AT-rich interactive domain-containing protein 1A (ARID1A) expression in placentas with late fetal growth restriction
Tatiana G. Tral , Sofia R. Yusenko , Gulrukhsor Kh. Tolibova , Igor Yu. Kogan
Journal of obstetrics and women's diseases ›› 2024, Vol. 73 ›› Issue (2) : 99 -108.
AT-rich interactive domain-containing protein 1A (ARID1A) expression in placentas with late fetal growth restriction
BACKGROUND: Fetal growth restriction, which is considered as a multifactorial pathology, is a critical problem in obstetrics. The role of mitochondrial dysfunction in the pathogenesis of fetal growth restriction is not yet clear. However, it is known that it leads to oxidative stress, damage to cells and tissues, and dysfunction of key mechanisms for maintaining energy balance, the outcome of which may be the development of placental insufficiency. It is likely that AT-rich interactive domain-containing protein 1A (ARID1A) is involved in the development and function of the human placenta and may be an important marker in the development of fetal growth restriction.
AIM: The aim of this study was to evaluate ARID1A protein expression in the placental villous tree in late fetal growth restriction.

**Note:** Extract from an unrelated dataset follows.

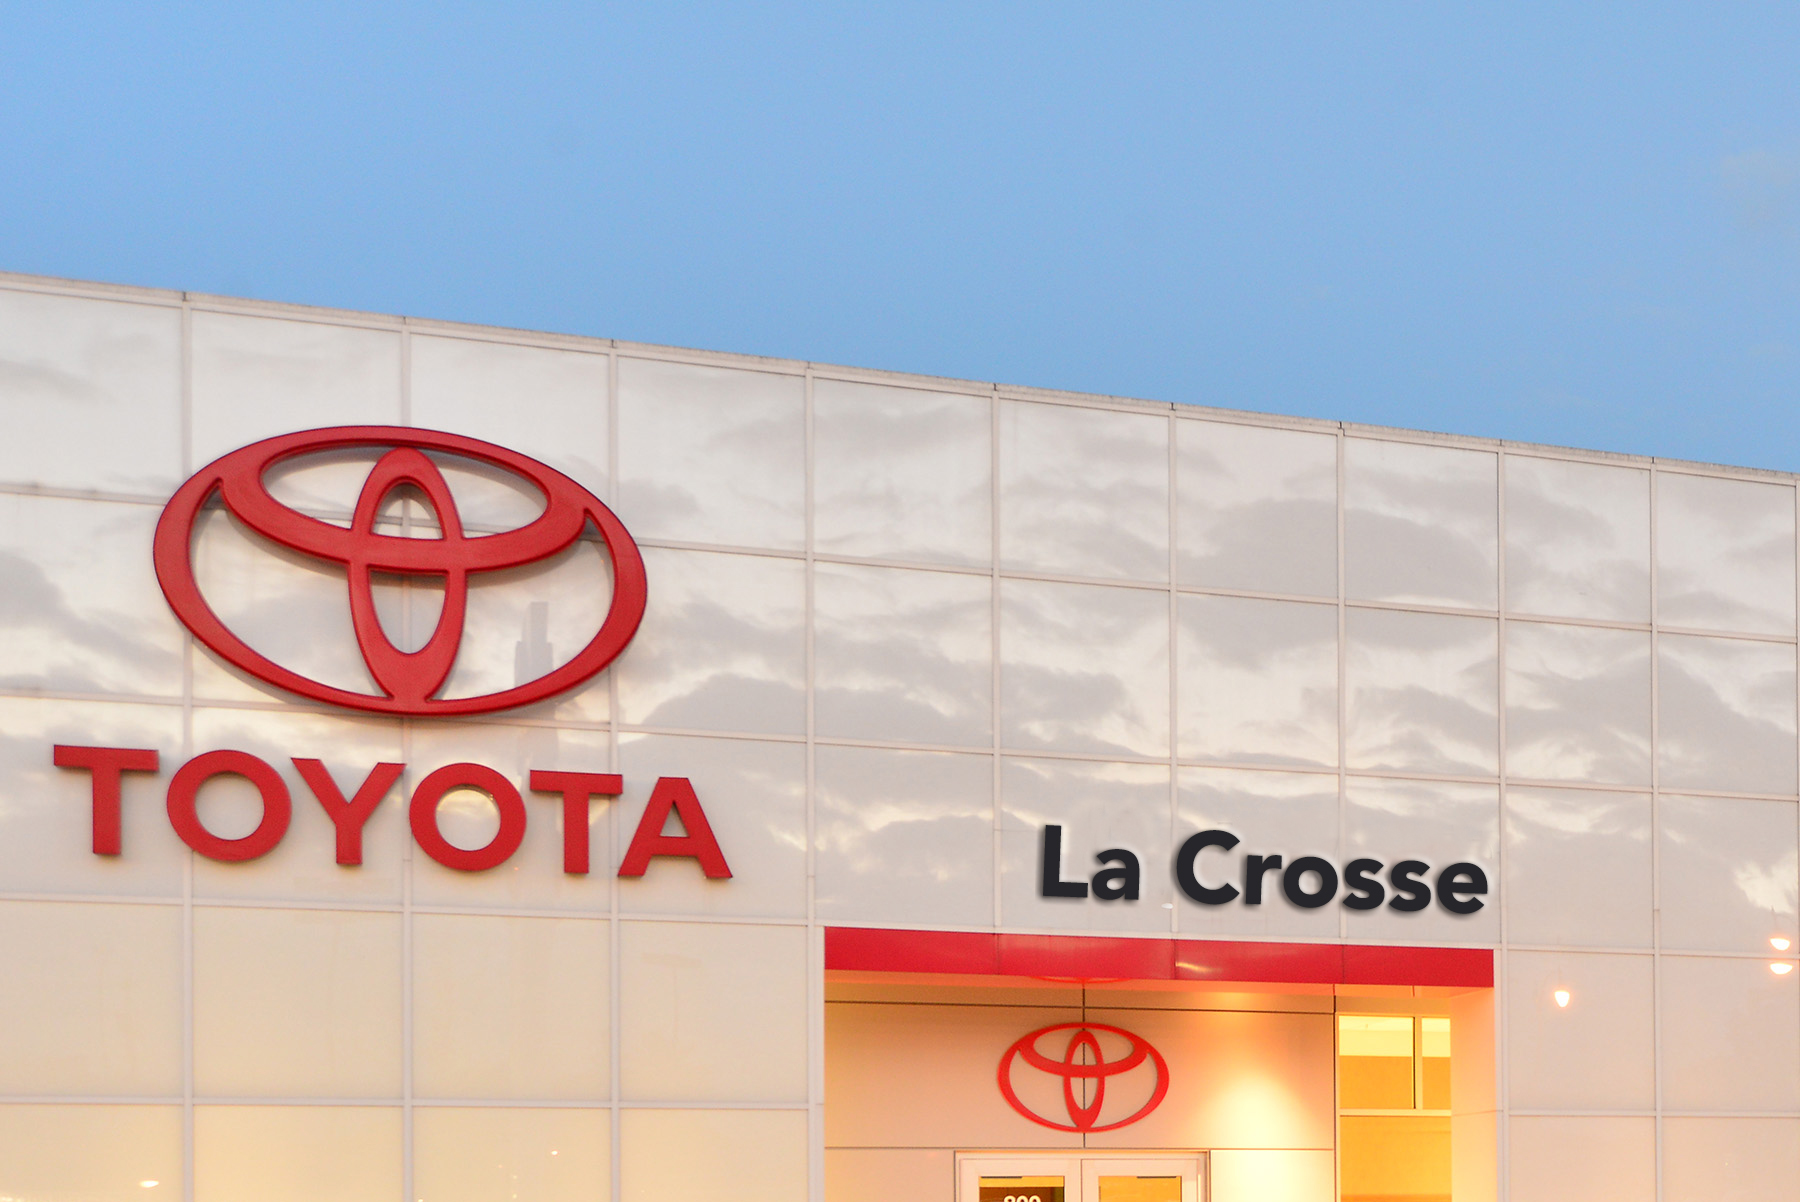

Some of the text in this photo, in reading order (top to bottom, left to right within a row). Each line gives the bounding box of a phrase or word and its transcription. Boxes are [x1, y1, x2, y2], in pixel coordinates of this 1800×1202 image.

[54, 744, 733, 879] TOYOTA
[1042, 824, 1488, 915] La Crosse

MATERIALS AND METHODS: This study included 50 placentas from children born at full-term gestation (37–40 weeks). The main study group consisted of placentas with late fetal growth restriction and without major extragenital pathology (n = 35). The control group comprised 15 placentas without fetal growth restriction (n = 15). Histological (n = 50) and immunohistochemical examinations of placentas (15 placentas in the main group and 10 placentas in the control group) using primary monoclonal antibodies to ARID1A were performed.
RESULTS: In the study group with fetal growth restriction, chronic placental insufficiency was verified in all cases, dissociated chronic placental insufficiency (25 cases; 71.4%) being predominant, of which 23 cases (92%) were compensated, including 16 cases (69.6%) with moderate circulatory disorders. Hypoplastic chronic placental insufficiency was diagnosed in ten cases (28.6%) and was subcompensated with the presence of pronounced circulatory disorders. In the arteries of the stem villi, the ARID1A protein expression area did not differ between the study groups (p = 0.096), while in the veins in the stem villi with fetal growth restriction, we verified a decrease compared to control (p = 0.05). In the vascular bed of the villi with subcompensated dissociated chronic placental insufficiency, ARID1A protein expression was higher compared to hypoplastic chronic placental insufficiency (p = 0.041).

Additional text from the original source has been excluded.